• WHAT NEEDS TO BE DONE
Your job here is to restate every record exactly, pictures excluded.

• RECORD SET
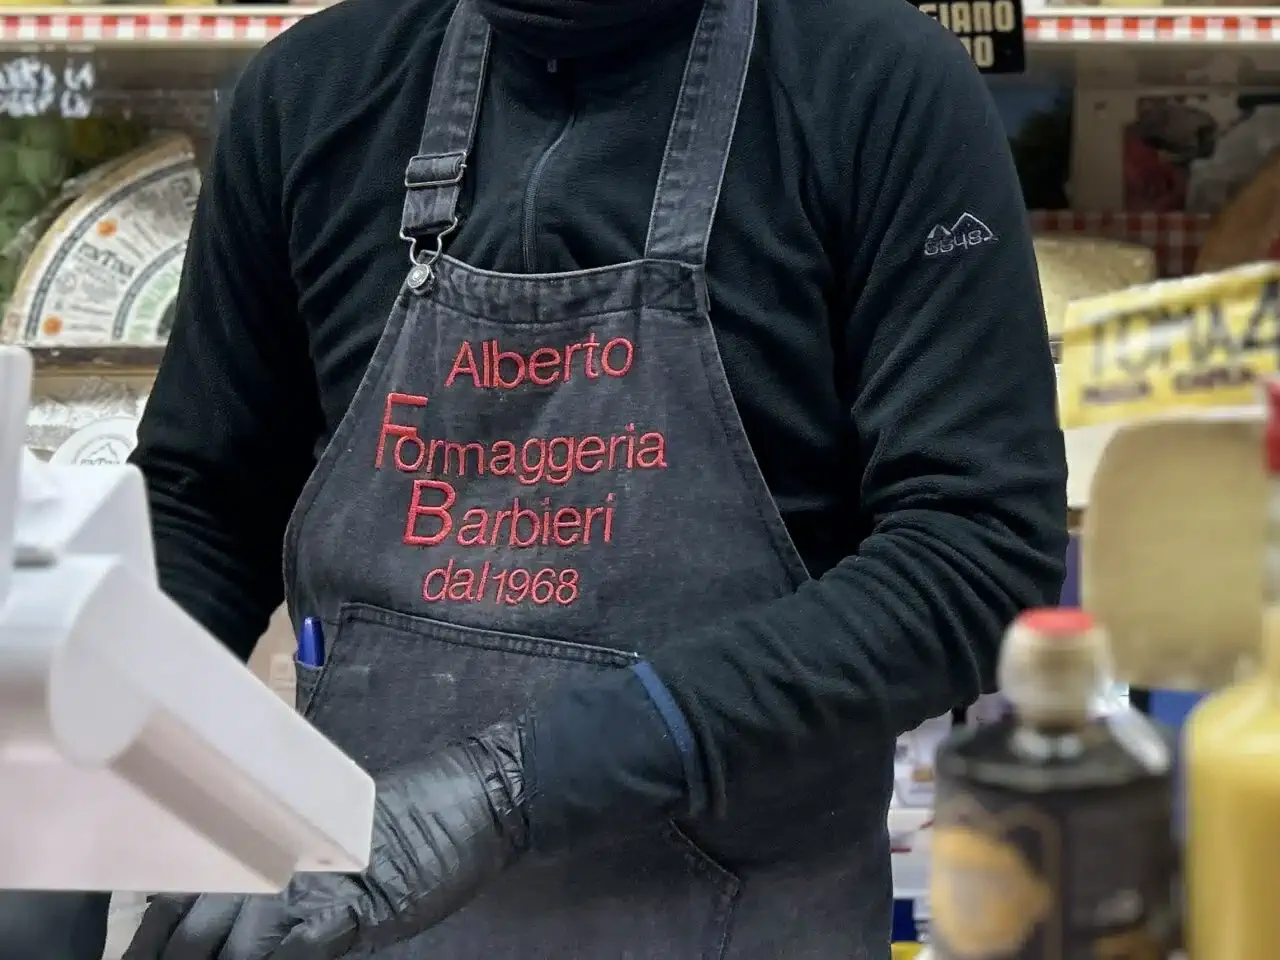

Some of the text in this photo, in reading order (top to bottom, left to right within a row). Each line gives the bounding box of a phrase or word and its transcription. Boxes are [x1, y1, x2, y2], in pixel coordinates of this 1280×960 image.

[444, 332, 635, 389] Alberto
[375, 392, 668, 485] Formaggeria
[403, 479, 617, 548] Barbieri
[422, 559, 580, 606] dal 1968
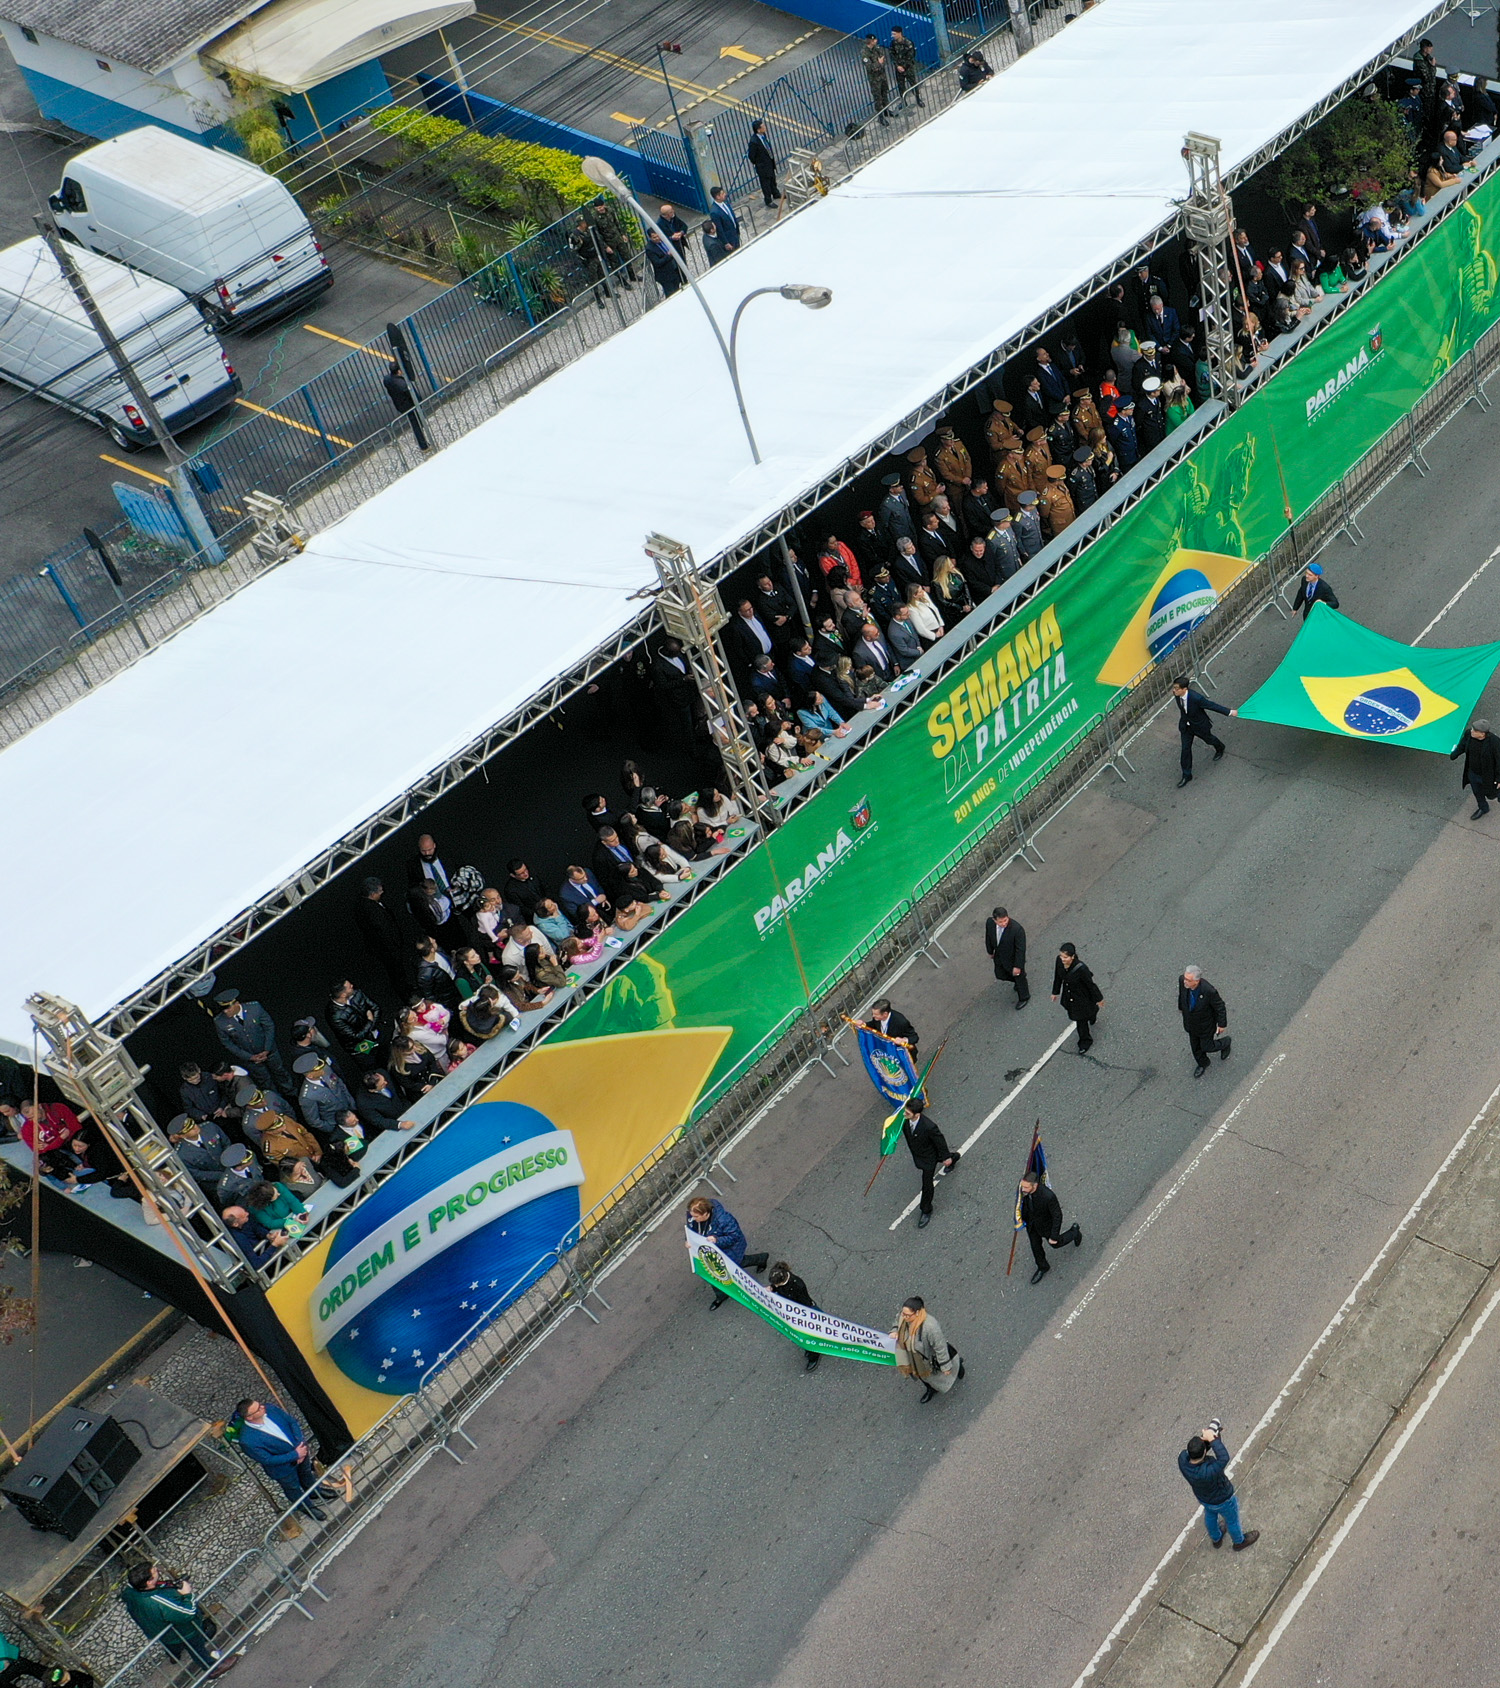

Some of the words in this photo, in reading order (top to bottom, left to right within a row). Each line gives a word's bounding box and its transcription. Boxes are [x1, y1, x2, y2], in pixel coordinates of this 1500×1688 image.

[1306, 345, 1369, 417] PARANÁ
[1146, 614, 1168, 638] ORDEM
[1169, 608, 1175, 620] E
[927, 602, 1064, 759] SEMANA
[943, 743, 972, 795] DA
[975, 651, 1067, 765] PÁTRIA
[954, 800, 973, 825] 201
[972, 777, 997, 808] ANOS
[997, 761, 1010, 784] DE
[1008, 697, 1079, 771] INDEPENDÊNCIA
[753, 826, 853, 932] PARANÁ
[760, 891, 814, 942] GOVERNO
[820, 870, 833, 885] DO
[840, 825, 879, 866] ESTADO
[318, 1239, 395, 1322] ORDEM
[403, 1220, 422, 1252] E
[428, 1146, 568, 1234] PROGRESSO
[734, 1268, 783, 1309] ASSOCIAÇÃO
[785, 1303, 807, 1318] DOS
[810, 1312, 880, 1340] DIPLOMADOS
[774, 1308, 822, 1333] SUPERIOR
[825, 1327, 839, 1338] DE
[841, 1332, 885, 1349] GUERRA

• FINISHED TASK
Some of the text in this photo, in reading order (top to bottom, left to right within a row). Each line gives the bounding box of a phrase or word and its transcription. Boxes are [x1, y1, x2, y2], in pixel coordinates of this 1280×960 image.

[444, 332, 635, 389] Alberto
[375, 392, 668, 485] Formaggeria
[403, 479, 617, 548] Barbieri
[422, 559, 580, 606] dal 1968

Some of the words in this photo, in reading order (top to bottom, left to right within a row). Each line gives a word's bounding box and its transcription. Boxes are [x1, y1, x2, y2], in pixel coordinates of this 1500×1688 image.

[1306, 345, 1369, 417] PARANÁ
[1146, 614, 1168, 638] ORDEM
[1169, 608, 1175, 620] E
[927, 602, 1064, 759] SEMANA
[943, 743, 972, 795] DA
[975, 651, 1067, 765] PÁTRIA
[954, 800, 973, 825] 201
[972, 777, 997, 808] ANOS
[997, 761, 1010, 784] DE
[1008, 697, 1079, 771] INDEPENDÊNCIA
[753, 826, 853, 932] PARANÁ
[760, 891, 814, 942] GOVERNO
[820, 870, 833, 885] DO
[840, 825, 879, 866] ESTADO
[318, 1239, 395, 1322] ORDEM
[403, 1220, 422, 1252] E
[428, 1146, 568, 1234] PROGRESSO
[734, 1268, 783, 1309] ASSOCIAÇÃO
[785, 1303, 807, 1318] DOS
[810, 1312, 880, 1340] DIPLOMADOS
[774, 1308, 822, 1333] SUPERIOR
[825, 1327, 839, 1338] DE
[841, 1332, 885, 1349] GUERRA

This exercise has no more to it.